Scende per la prima volta dal 2013 l’occupazione femminile: secondo i dati del Bilancio di genere 2020, nell’anno dello scoppio della pandemia è scesa al 49%. Un risultato di gran lunga inferiore alla media della Ue, che misura un’occupazione femminile del 62,7%. A soffrire del calo dell’occupazione sono le donne con figli, impiegate il 25% in meno delle coetanee senza, e le giovani, principalmente del Sud o delle isole. Rallenta anche la crescita delle imprese femminili, dopo un aumento costante dal 2014. Pochi progressi sul fronte delle dirigenti: nel 2020 non c’è nessuna donna amministratore delegato nelle grandi aziende quotate nella Borsa italiana.
Sale sempre più il divario tra uomini e donne nel mondo del lavoro
Con il calo dell’occupazione femminile sale quindi il divario con il tasso di impiego maschile: in Italia è in lieve aumento arrivando a 18,2 punti percentuali, mentre nella Ue è pari a 10,1 punti. Nel 2020 le imprese femminili rappresentano il 21,9% del totale e, rispetto a quelle maschili, sono di piccole dimensioni, localizzate nel Mezzogiorno e più giovani. E se cresce – grazie alla normativa sulle quote – la presenza delle donne nei consigli di amministrazione delle aziende, resta invece ferma la situazione nelle più grandi società quotate nella Borsa italiana: le donne nella posizione di Presidente sono solo il 17,6% nel 2020 (contro il 5,4% del 2014) mentre spicca l’assenza di donne fra gli amministratori delegati italiani nel 2020 (dopo una esigua presenza intorno al 3 per cento nel 2018 e nel 2019).
“Con la pandemia siamo scivolati indietro”
“Diversamente rispetto alle crisi precedenti, l’impatto di quella pandemica è stato particolarmente negativo sulle donne: si è tradotto non solo in una significativa perdita di posti di lavoro in settori dominati dalla presenza femminile, ma anche in condizioni di lavoro peggiori, in una accresciuta fragilità economica e in un conflitto vita-lavoro ancora più aspro del passato”, spiega la sottosegretaria al Mef, Maria Cecilia Guerra. “Avevamo faticosamente superato la soglia psicologica del 50% nel tasso di occupazione femminile e con la pandemia siamo rovinosamente scivolati indietro – aggiunge – peraltro senza che si sia ancora riusciti a recuperare il terreno nonostante la ripresa economica”.
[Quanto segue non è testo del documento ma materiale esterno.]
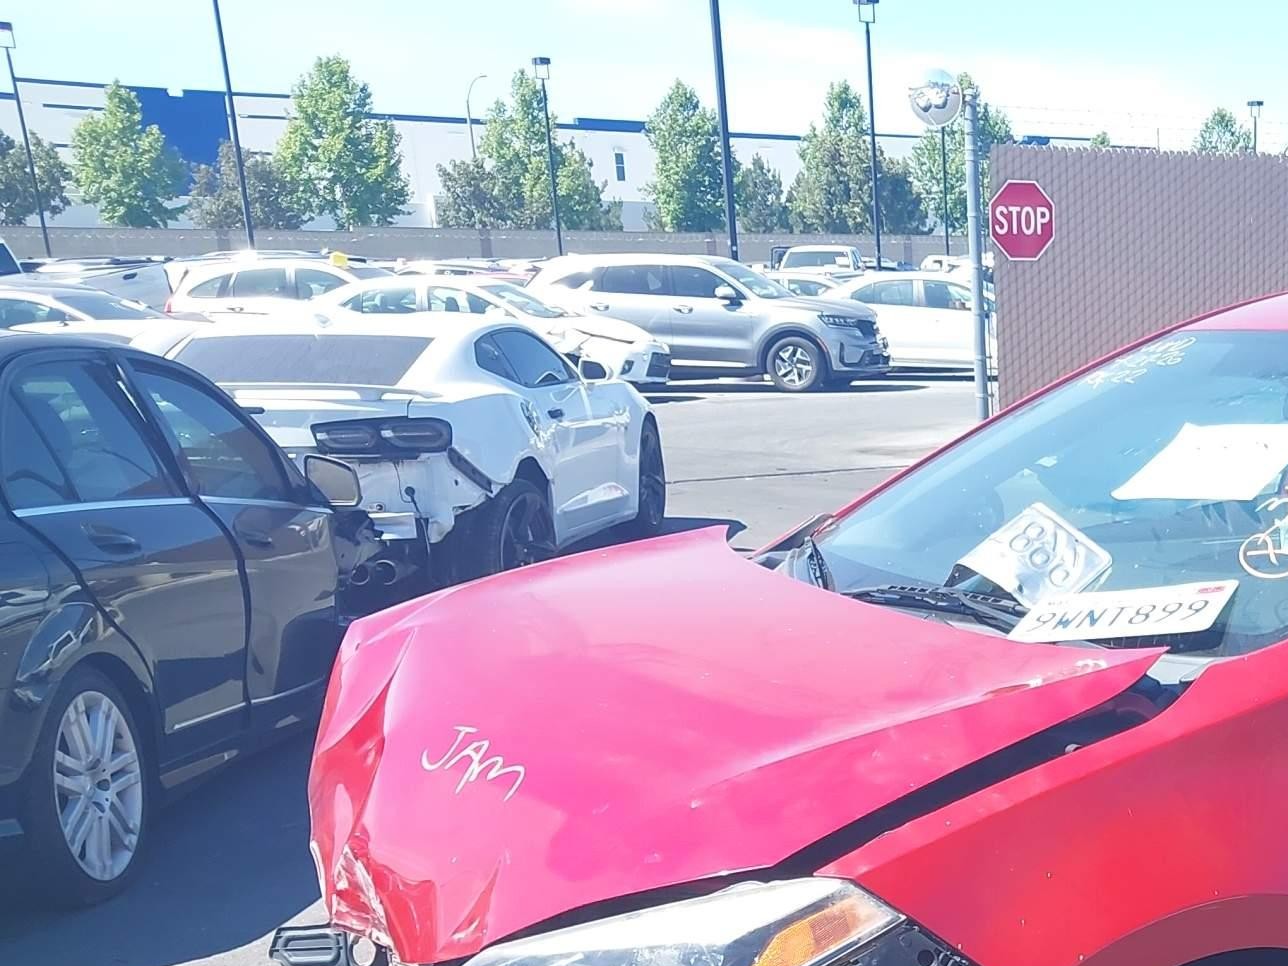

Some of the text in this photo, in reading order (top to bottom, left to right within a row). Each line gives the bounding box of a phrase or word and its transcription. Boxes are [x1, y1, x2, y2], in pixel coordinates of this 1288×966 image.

[994, 205, 1050, 236] STOP
[1026, 599, 1210, 633] 9WNT899
[421, 725, 526, 803] JAM
La realtà virtuosa di Poste Italiane
Un dato in netta controtendenza con la realtà di Poste Italiane, dove la diversità di genere è un valore e dove l’elevata componente femminile ha suggerito da tempo la necessità di dedicare un approccio strategico all’effettiva realizzazione delle pari opportunità in azienda che si è concretizzata in politiche retributive e di sviluppo basate su equità e performance. Secondo l’ultimo bilancio integrato, nel 2020 la diversity all’interno del Gruppo è ben rappresentata: il 54 per cento del totale dei dipendenti è donna, il 59 per cento dei direttori degli Uffici Postali, il 46 per cento tra quadri e dirigenti e il 44 per cento nel Consiglio di Amministrazione (costante dal 2016).